Researchers have just uncovered a route to the Moon that consumes significantly less fuel than all previously known itineraries. This unprecedented trajectory, calculated using advanced computer simulations, promises to drastically reduce the cost of lunar missions. The international team examined millions of potential paths before stumbling upon this solution that is both simple and effective.


The trick lies in the optimal use of gravity. Indeed, spacecraft only use their engines intermittently; the rest of the time, they are guided by the attraction of celestial bodies.

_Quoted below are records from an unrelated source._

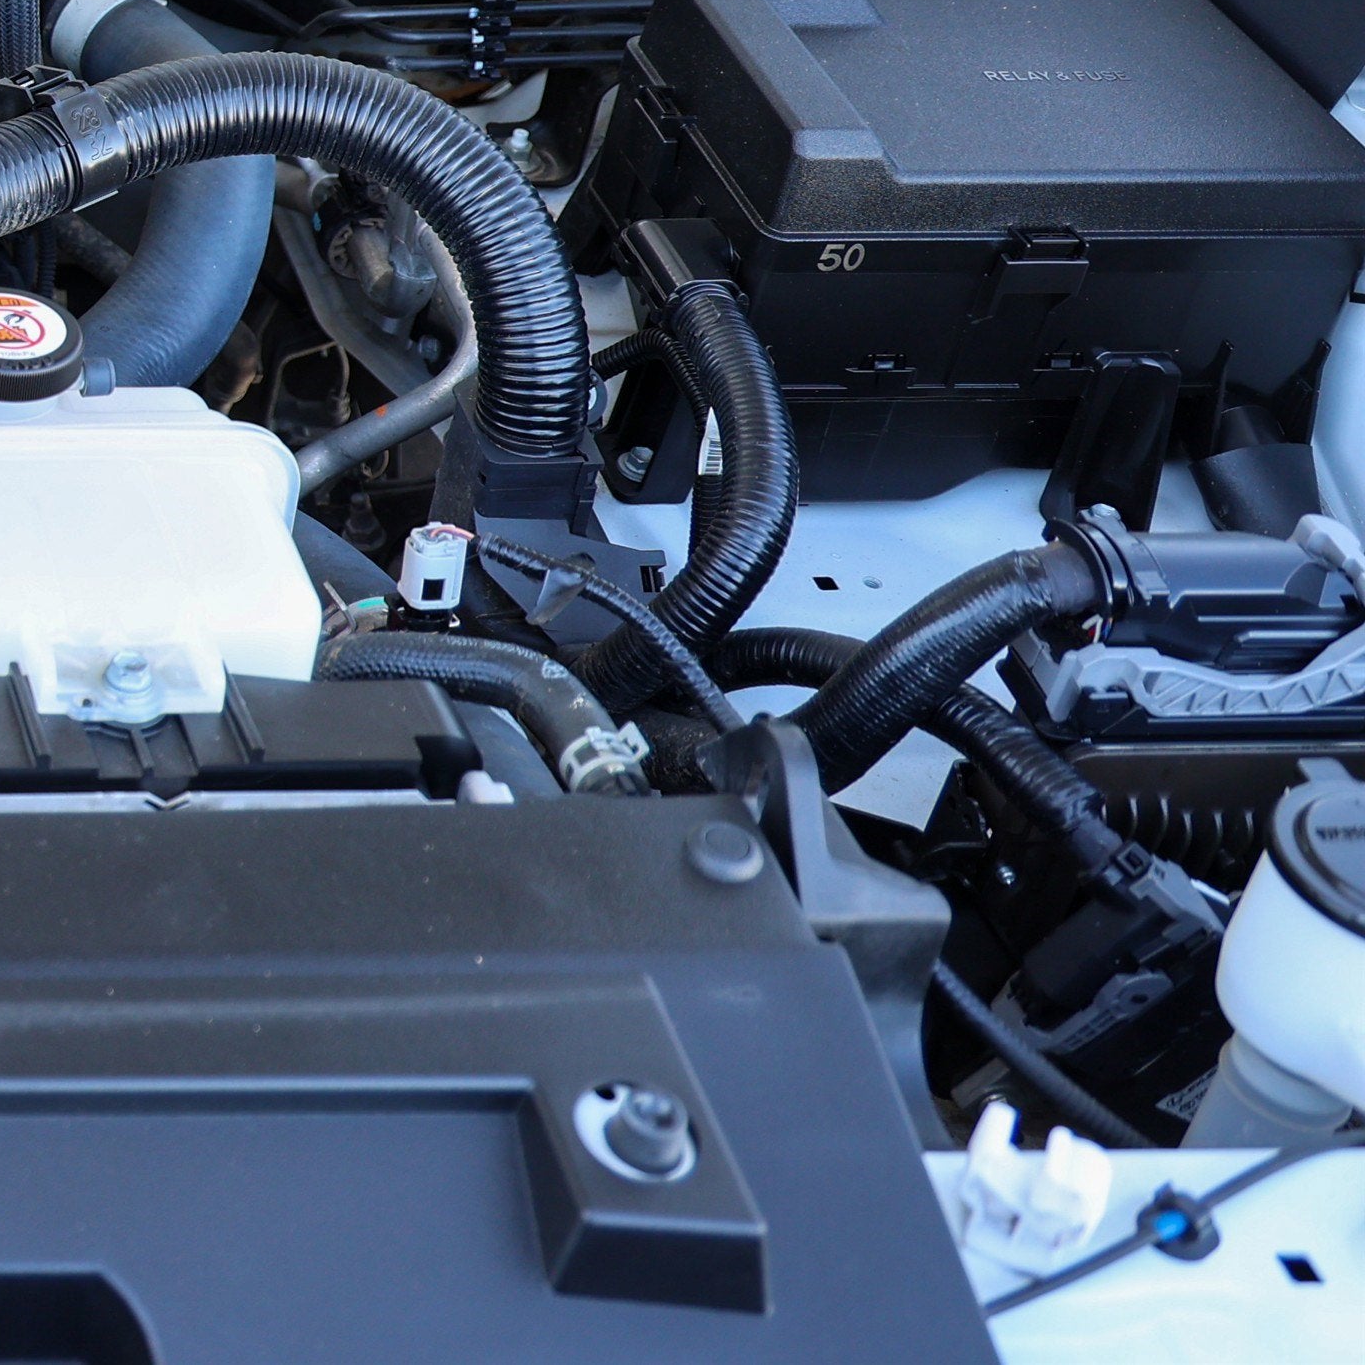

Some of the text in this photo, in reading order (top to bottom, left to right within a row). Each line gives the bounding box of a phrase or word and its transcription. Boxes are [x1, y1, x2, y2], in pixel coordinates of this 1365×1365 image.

[983, 70, 1131, 82] RELAY & FUSE
[71, 103, 102, 135] 28
[83, 128, 115, 161] 32
[816, 243, 866, 272] 50
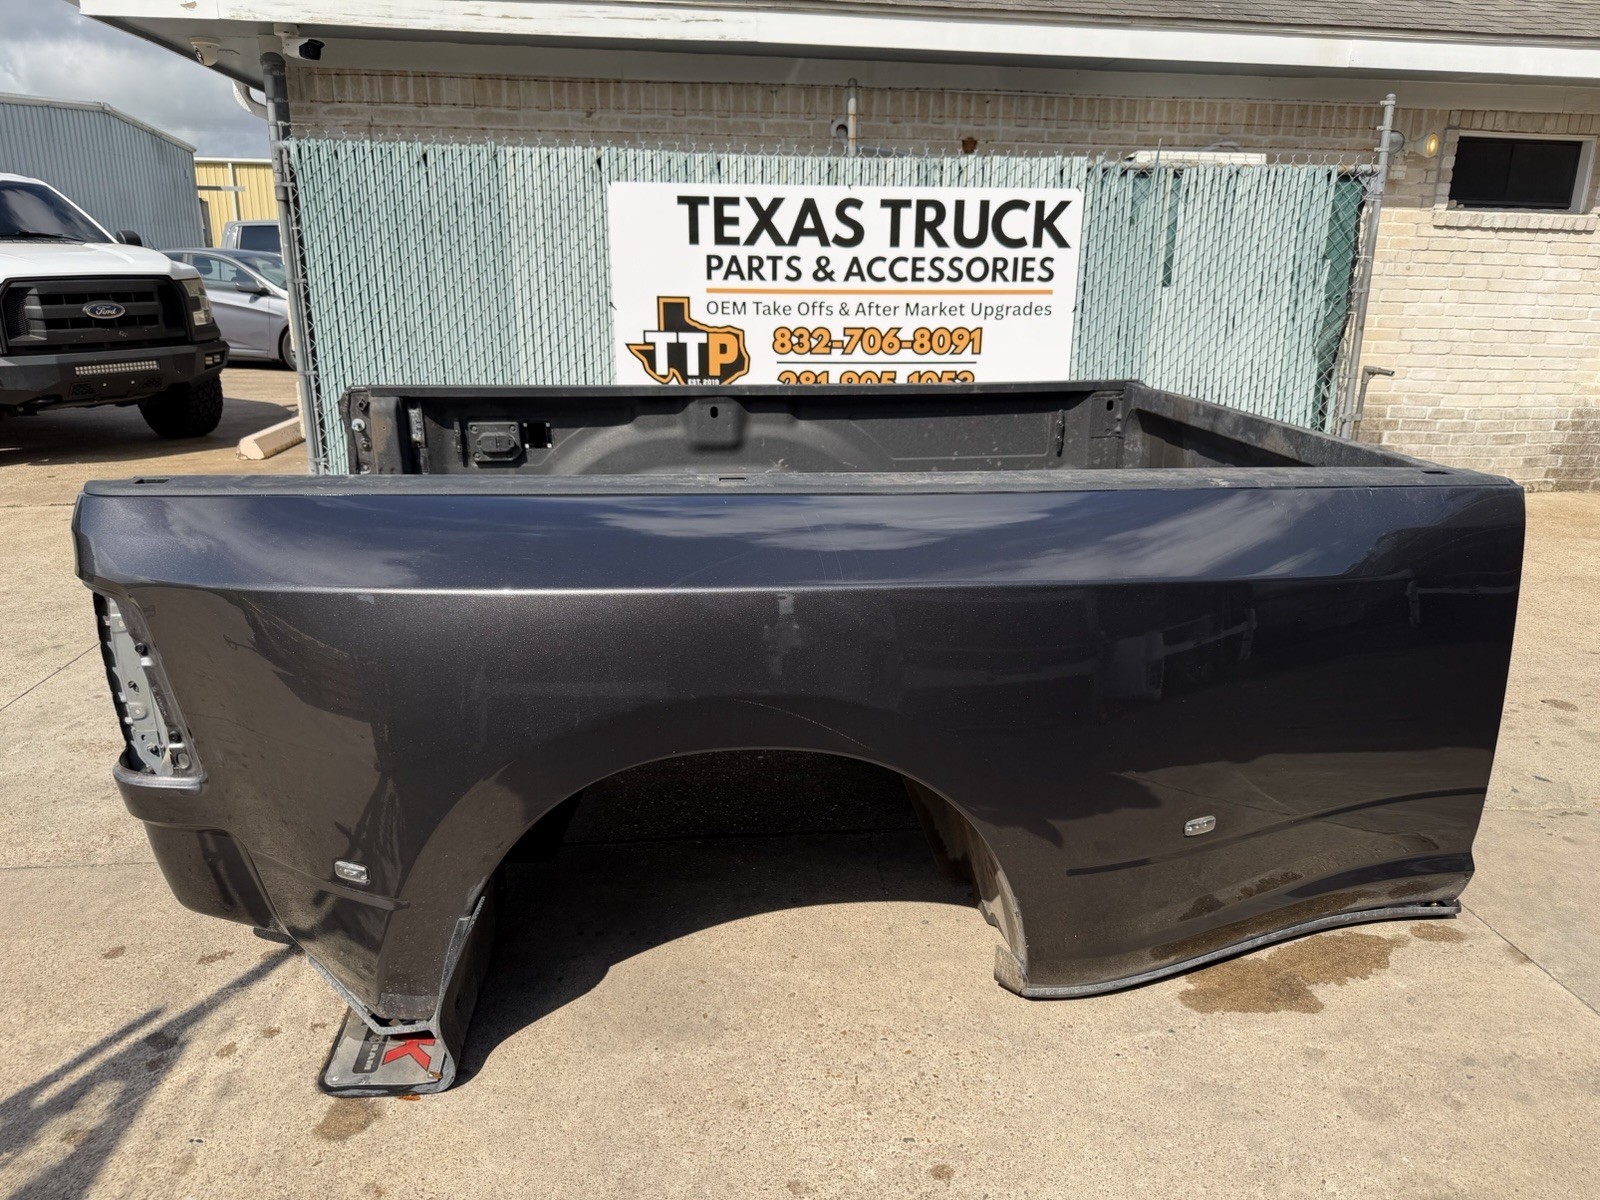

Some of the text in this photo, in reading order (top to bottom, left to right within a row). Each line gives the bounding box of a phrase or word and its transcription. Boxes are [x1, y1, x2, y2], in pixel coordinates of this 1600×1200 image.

The researchers discovered that by taking a distant branch of an orbital "family" – a term designating a natural trajectory – instead of the one closest to Earth, one benefits more from the free propulsion offered by gravity.

This approach, based on the theory of functional connections, made it possible to simulate 30 million different routes, resulting in a saving of 58.80 meters per second (about 193 feet per second) less in fuel consumption compared to the most economical path known so far. Such a saving can translate into important economies, as each kilogram of fuel saved lightens the payload to be launched.

Another significant advantage of this route is that it maintains constant communication with Earth. In contrast, the Artemis 2 mission suffered contact losses when passing behind the Moon. Vitor Martins de Oliveira, co-author of the study and researcher at the University of São Paulo, explains that the proposed orbit avoids this problem.


However, this route is not necessarily the best possible. The current models only took into account the gravity of Earth and the Moon. By integrating other factors such as solar attraction, even more efficient trajectories could emerge, as indicated by researcher Allan Kardec de Almeida Júnior.

The study, published in the journal Astrodynamics, paves the way for a more systematic planning of space missions. The method employed could be generalized to explore other destinations in the Solar System, enabling the optimization of interplanetary travel with limited resources.